- Stop incentivizing gOHM-xyz pools crosschain and scrap the idea of gOHM/xyz LPs in general.
Agree with this. Proteus has shown pretty clearly which chains should be prioritized for a full OHM implementation, once that's ready. I'm in favor of continuing the Proteus wind down, which has already started.
Further, incurDebt and Mint & Sync should both serve to replace the need for outdated and undesirable gOHM/xyz LP's.
That said, you make a point later about how emissions should be opt-in, only going to stakers. This sentiment is in direct conflict with the spirit of incurDebt and M&S, so I wonder if you have thoughts on those systems.
2). While conducting buybacks remove ETH LPs, kill incentivizes for non-stable LP pairings.
On an atomic level, I agree that with arbitrage, a buyback will result in a higher amount of ETH in the LP pool. In reality, it's most efficient to conduct market operations with only one single pool. For various reasons, it's worth the efficiency sacrifice for Olympus to have several pools active even during this time. In particular, the OHM-ETH pool is 2x better per $ TVL at attracting volume (read: potential new Ohmies) than the OHM-DAI pool is. I don't see a need to remove that valuable and efficient LP over concerns of correlations. If ETH price going down really is a huge issue, we should just buy ETH puts or sell ETH calls.
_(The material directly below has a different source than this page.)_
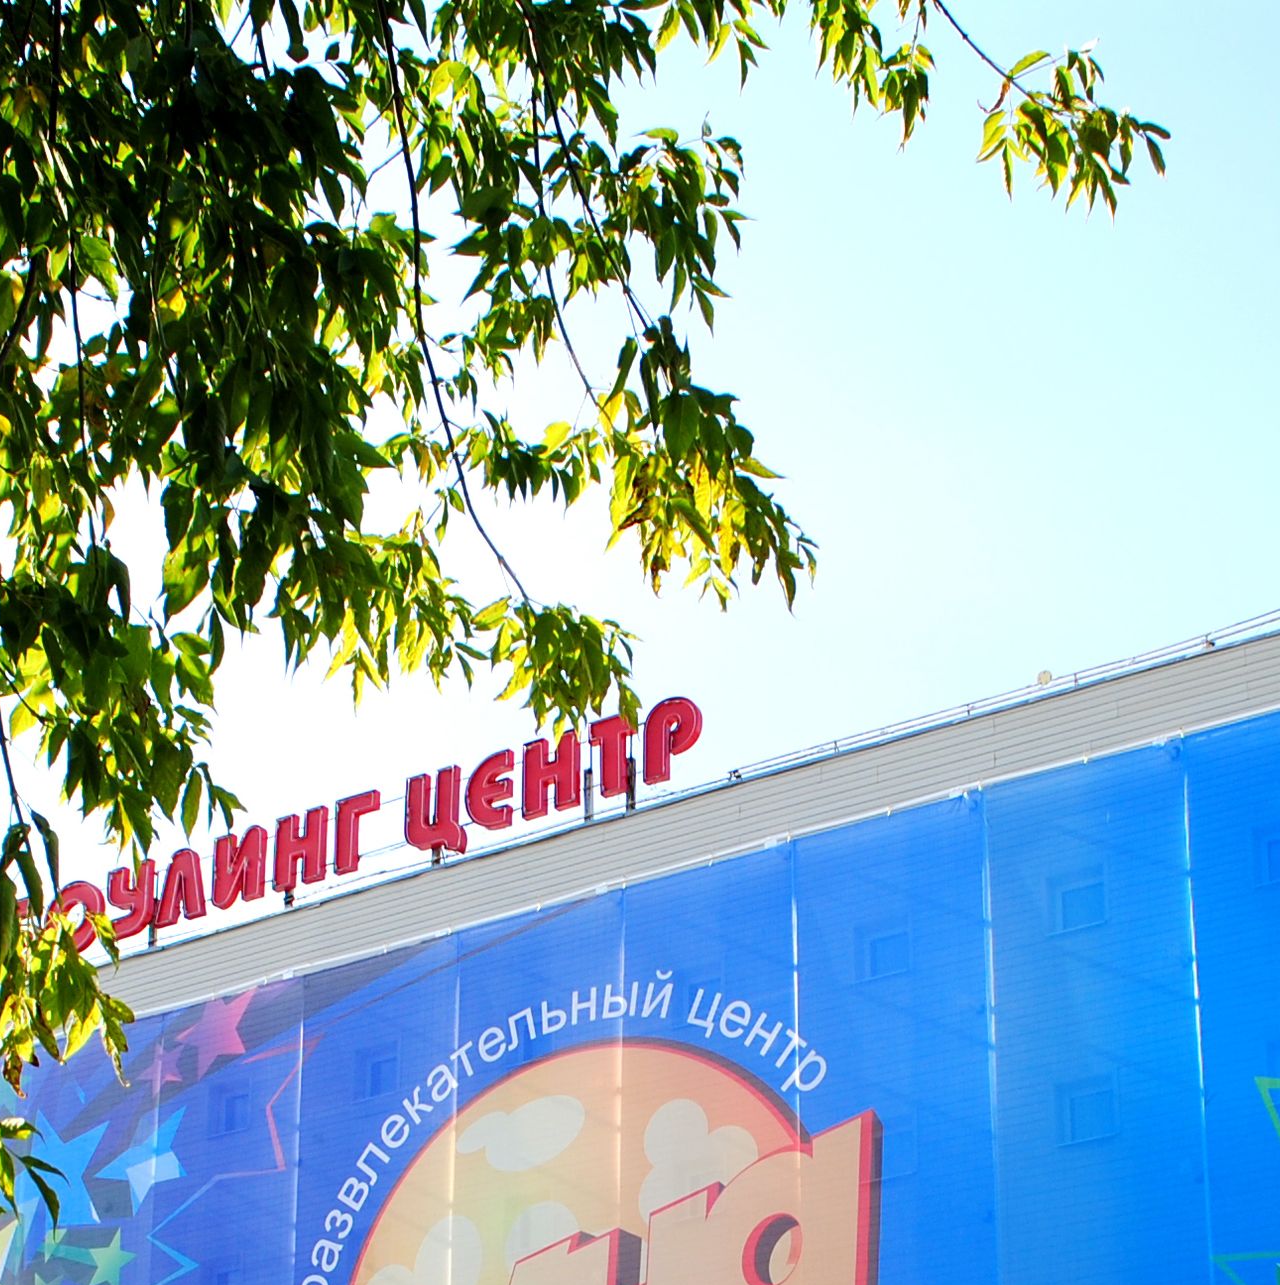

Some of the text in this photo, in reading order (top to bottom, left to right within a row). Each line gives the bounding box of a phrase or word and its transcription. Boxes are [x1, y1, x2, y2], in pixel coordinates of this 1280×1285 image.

[11, 788, 381, 953] ОУЛИНГ
[404, 696, 703, 854] ЦЕНТР
[688, 986, 827, 1095] центр
Overall I disagree with your view of how important the OHM-ETH pool plays in the correlation (or not: ETH price is relatively flat since early March, vs OHM at -40%, but I'm just cherry picking data as any quant does). Far stronger market forces are at play: global crises leading the market to risk-off alt tokens, for example.
It's important to note that market operations could become a lot more frequent when ranged stability goes live. Do you suggest we remove the OHM-ETH pool entirely when that happens?
It's funny you mention "you haven't done everything to stop the bleeding" after we've just drastically cut emissions with OIP-93, one of the strongest actions to take during this period.
TL;DR: agree with point 1. But I think there's better solutions to ETH volatility than point 2 provides.